» Given information:
····················

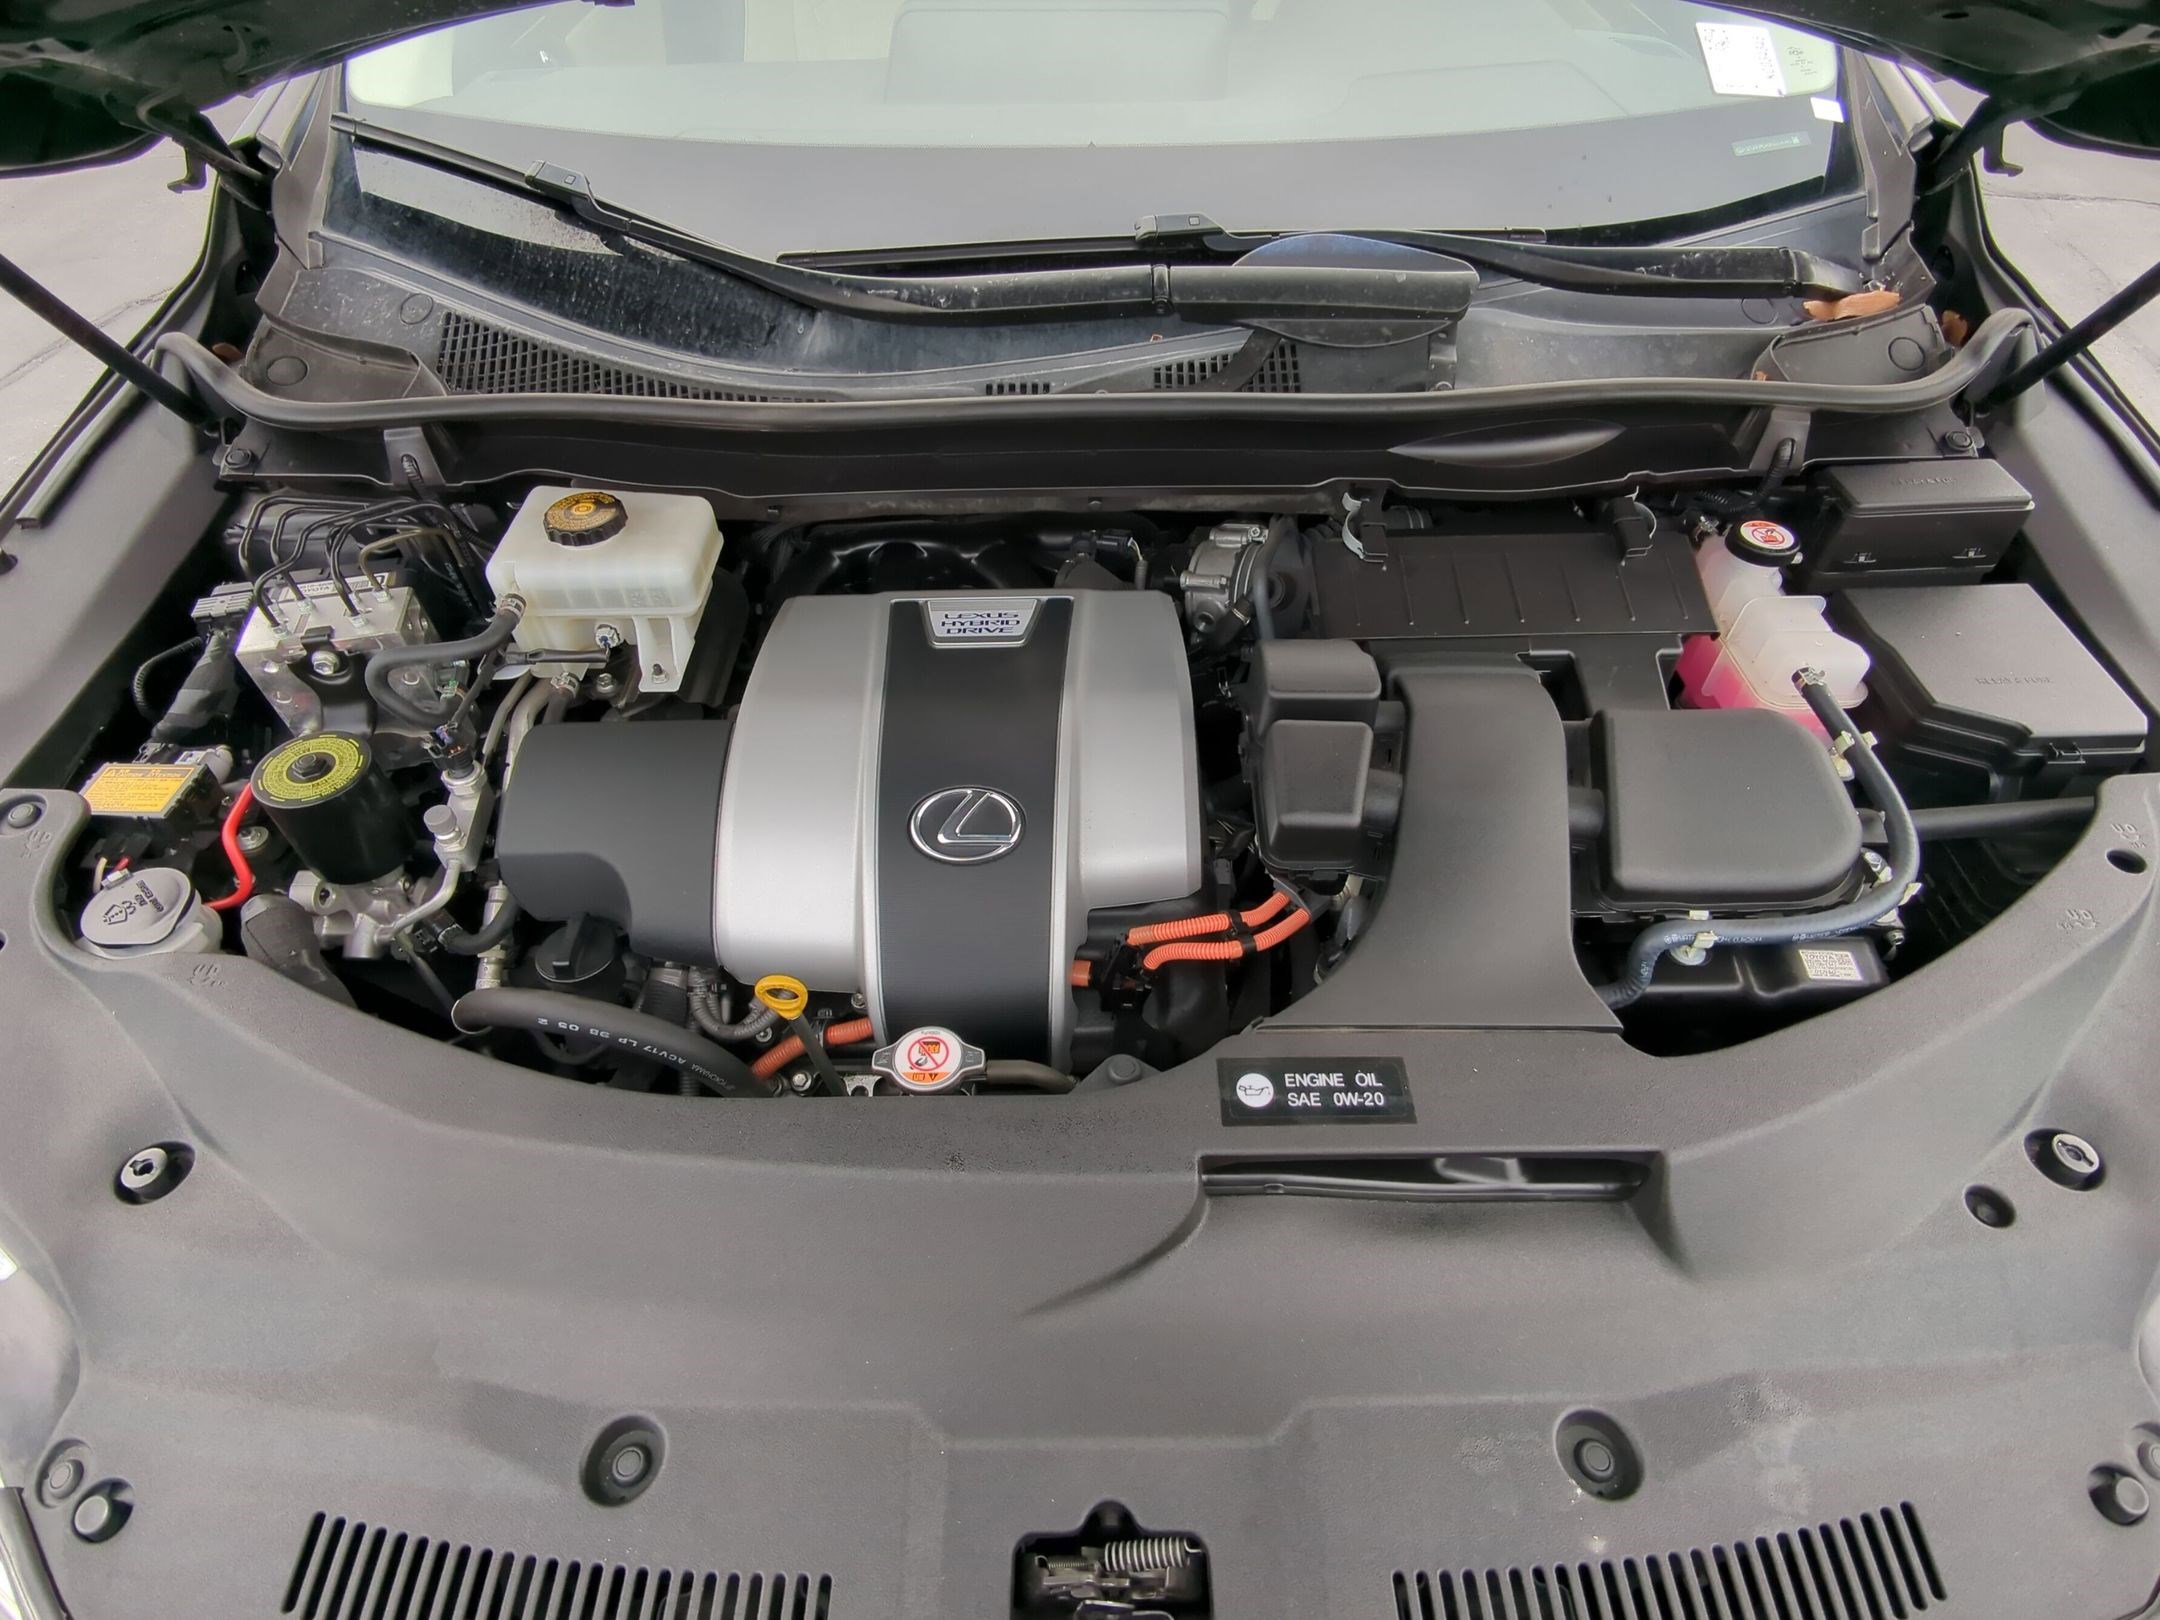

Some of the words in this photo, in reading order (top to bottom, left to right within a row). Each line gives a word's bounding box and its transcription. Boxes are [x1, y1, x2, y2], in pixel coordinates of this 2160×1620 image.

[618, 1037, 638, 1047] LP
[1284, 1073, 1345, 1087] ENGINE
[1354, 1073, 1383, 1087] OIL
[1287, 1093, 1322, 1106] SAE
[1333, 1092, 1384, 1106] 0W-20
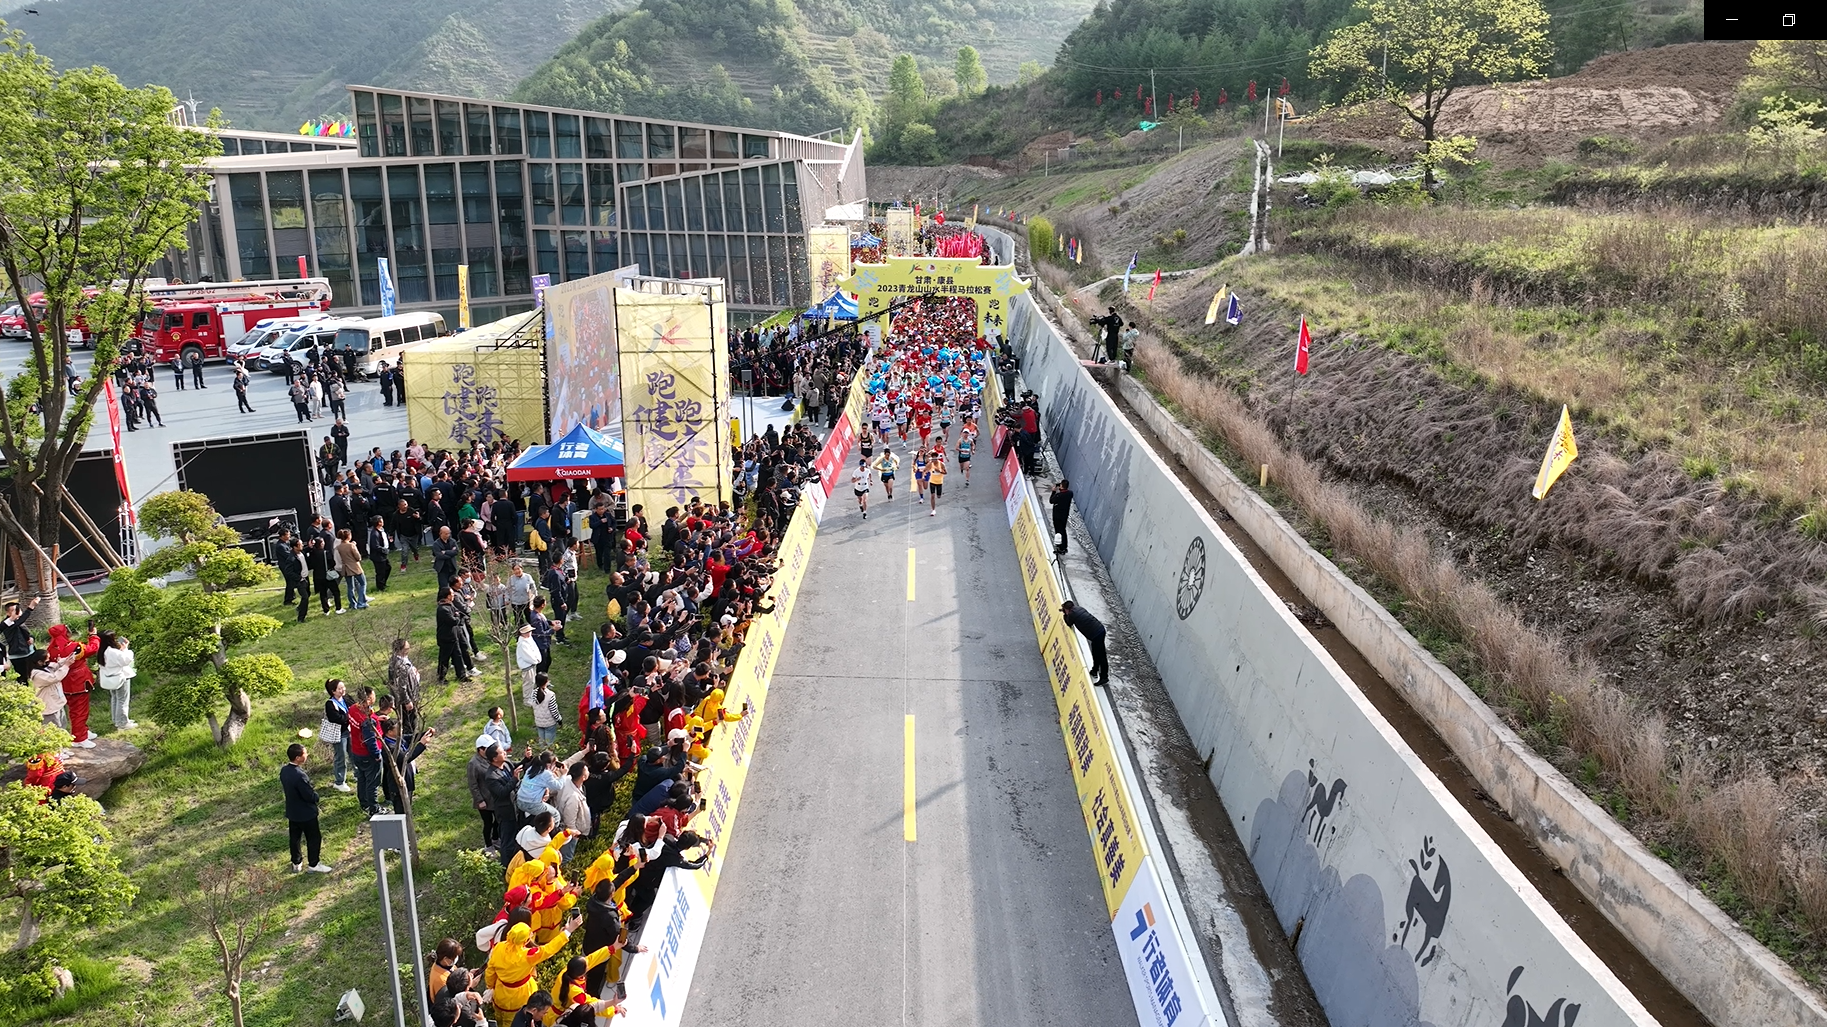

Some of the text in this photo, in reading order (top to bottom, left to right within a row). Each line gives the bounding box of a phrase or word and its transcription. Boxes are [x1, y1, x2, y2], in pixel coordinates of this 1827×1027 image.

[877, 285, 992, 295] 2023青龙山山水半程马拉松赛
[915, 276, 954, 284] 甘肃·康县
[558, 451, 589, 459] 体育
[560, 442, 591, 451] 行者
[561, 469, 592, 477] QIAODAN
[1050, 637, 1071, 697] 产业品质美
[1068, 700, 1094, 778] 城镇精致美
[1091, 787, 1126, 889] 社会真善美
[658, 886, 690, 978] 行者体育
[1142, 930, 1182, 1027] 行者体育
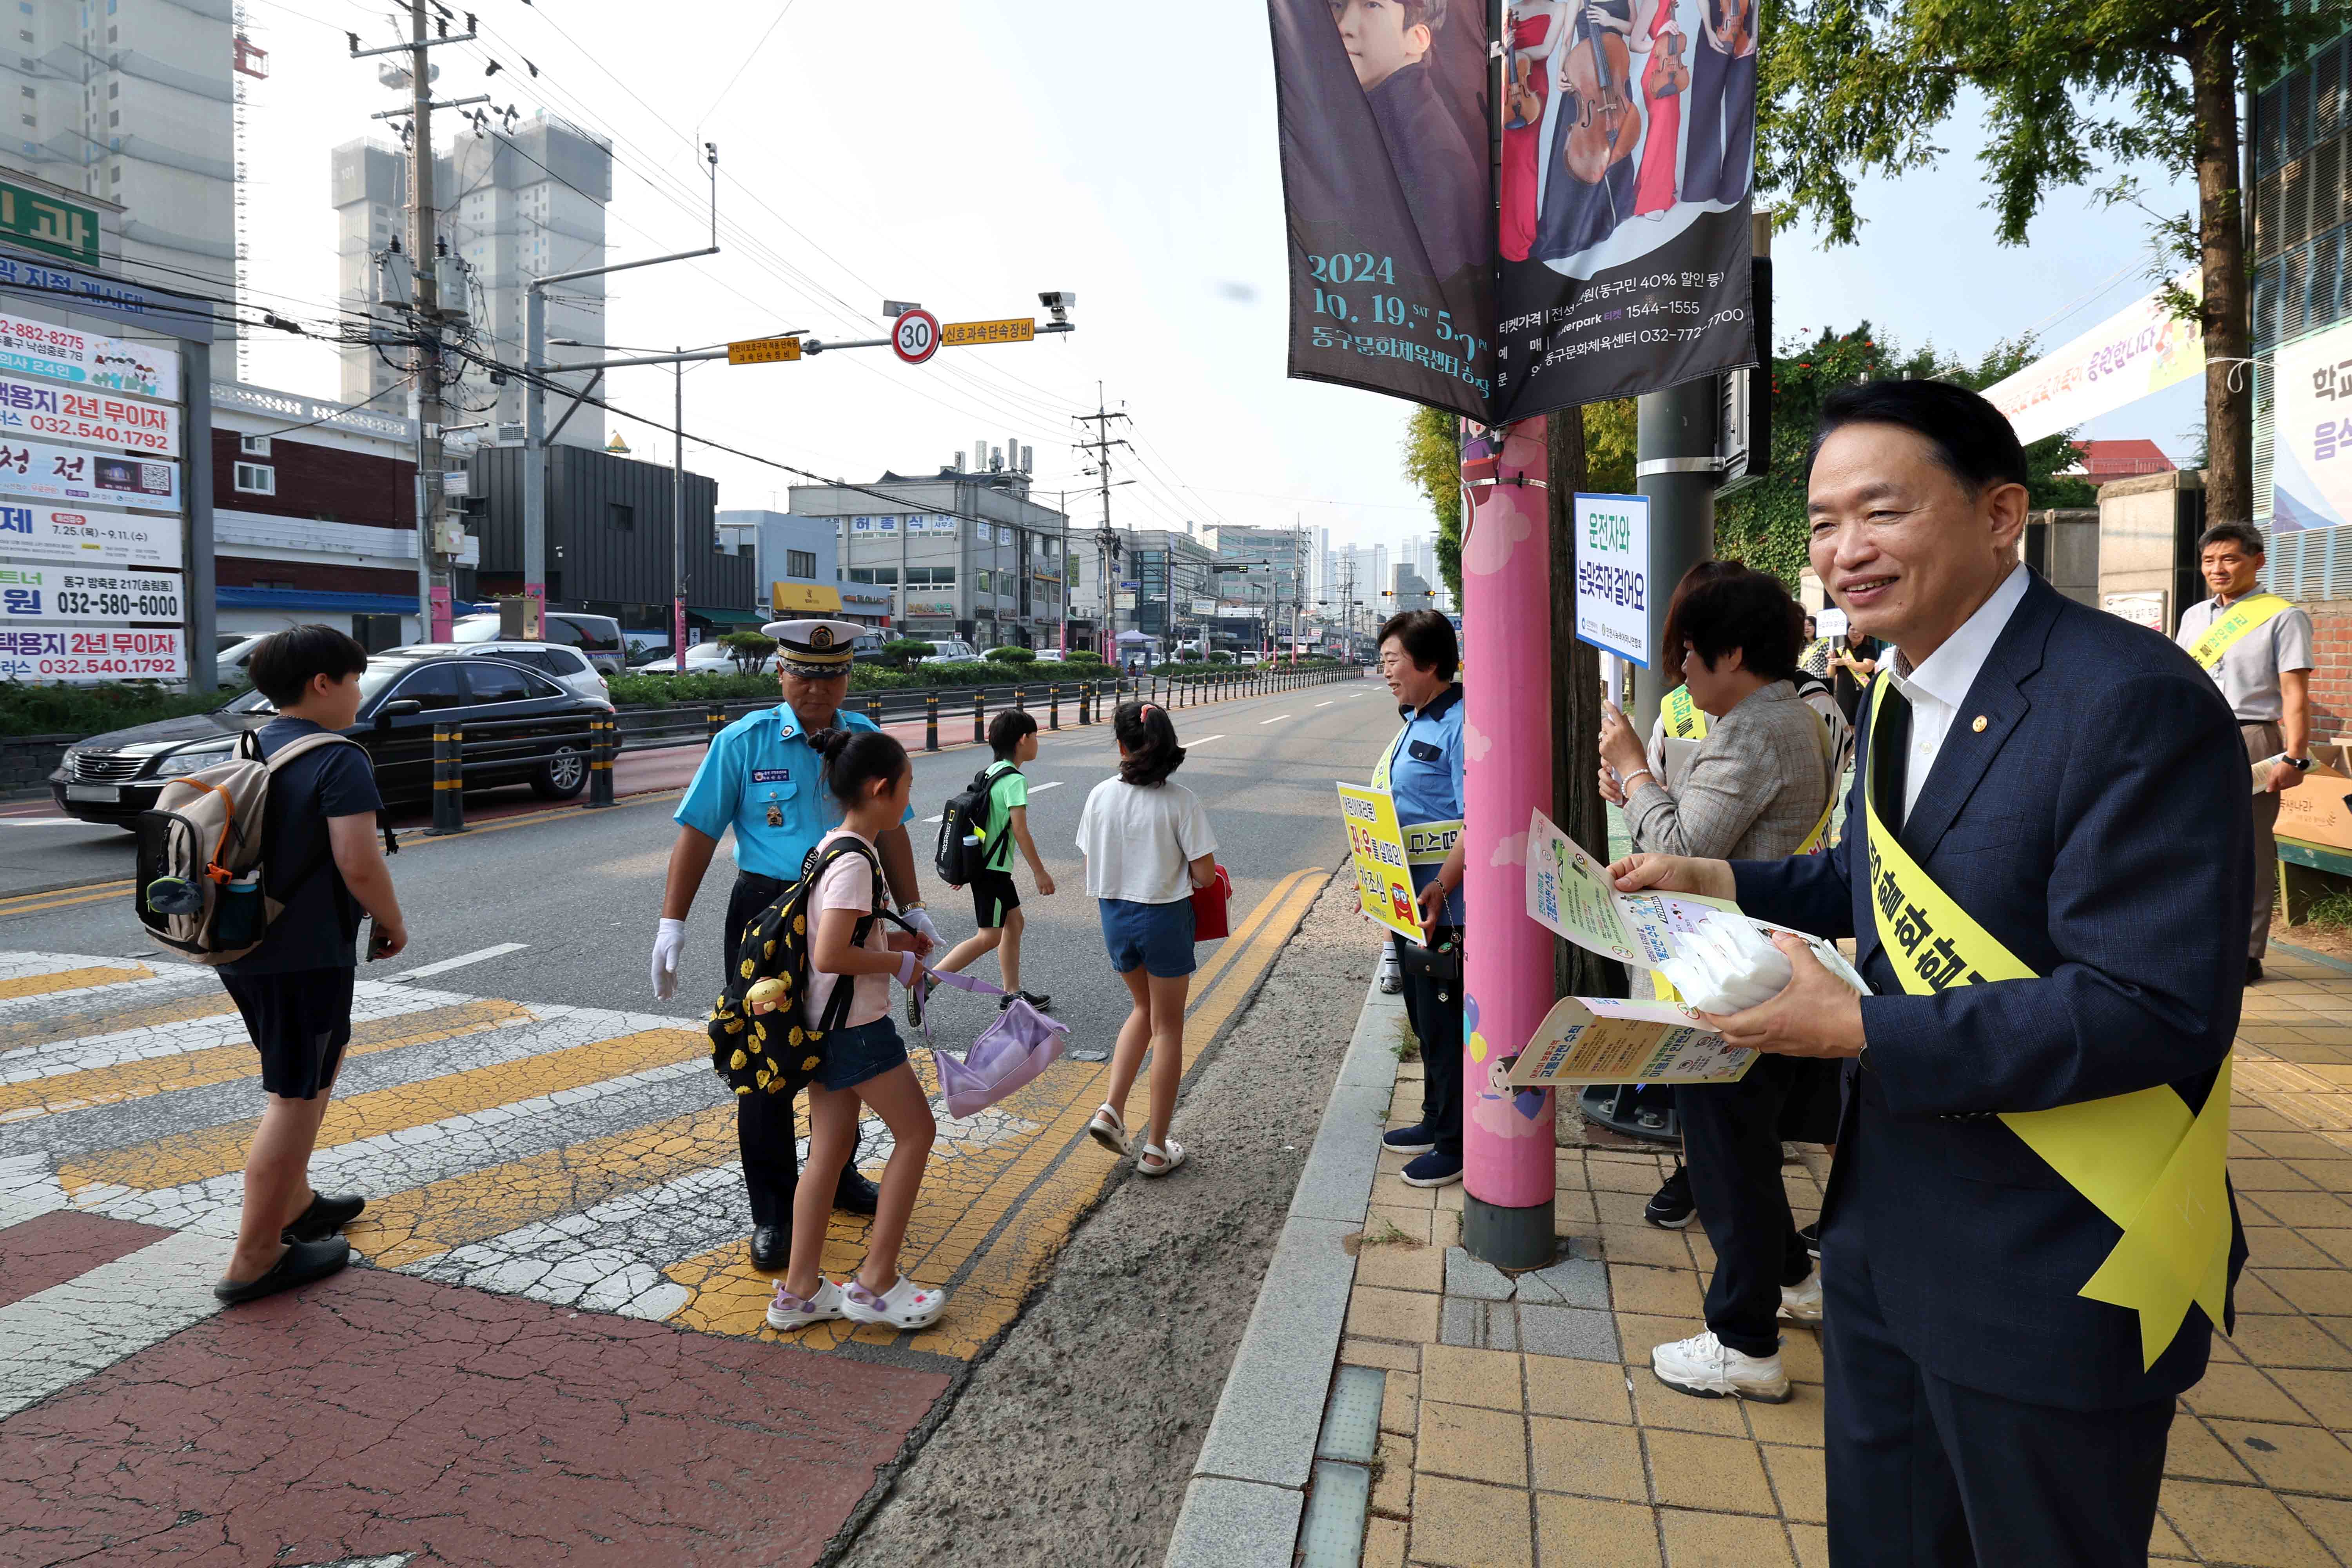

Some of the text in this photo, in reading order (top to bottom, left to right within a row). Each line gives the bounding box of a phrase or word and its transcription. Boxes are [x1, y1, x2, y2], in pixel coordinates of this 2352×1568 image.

····················

» Goal of the exercise:
Word for word, retype all of the data above, but include no pictures.

» Task answer:
Some of the words in this photo, in reading order (top to bottom, left to right within a row). Each line gives a word's bounding box and its transcription. Boxes are [x1, y1, x2, y2], in pixel coordinates of this 2160×1620 image.

[618, 1037, 638, 1047] LP
[1284, 1073, 1345, 1087] ENGINE
[1354, 1073, 1383, 1087] OIL
[1287, 1093, 1322, 1106] SAE
[1333, 1092, 1384, 1106] 0W-20

Some of the text in this photo, in reading order (top to bottom, left to right within a row). Each line gives the bounding box of a phrase or word and its transcription. Boxes are [x1, y1, x2, y2], in pixel coordinates of this 1827×1027 image.

[877, 285, 992, 295] 2023青龙山山水半程马拉松赛
[915, 276, 954, 284] 甘肃·康县
[558, 451, 589, 459] 体育
[560, 442, 591, 451] 行者
[561, 469, 592, 477] QIAODAN
[1050, 637, 1071, 697] 产业品质美
[1068, 700, 1094, 778] 城镇精致美
[1091, 787, 1126, 889] 社会真善美
[658, 886, 690, 978] 行者体育
[1142, 930, 1182, 1027] 行者体育

Some of the text in this photo, in reading order (top to bottom, left to right within a row). Each line gives the bounding box of a phrase or word and its transcription. Boxes are [x1, y1, x2, y2], in pixel coordinates of this 2352×1568 image.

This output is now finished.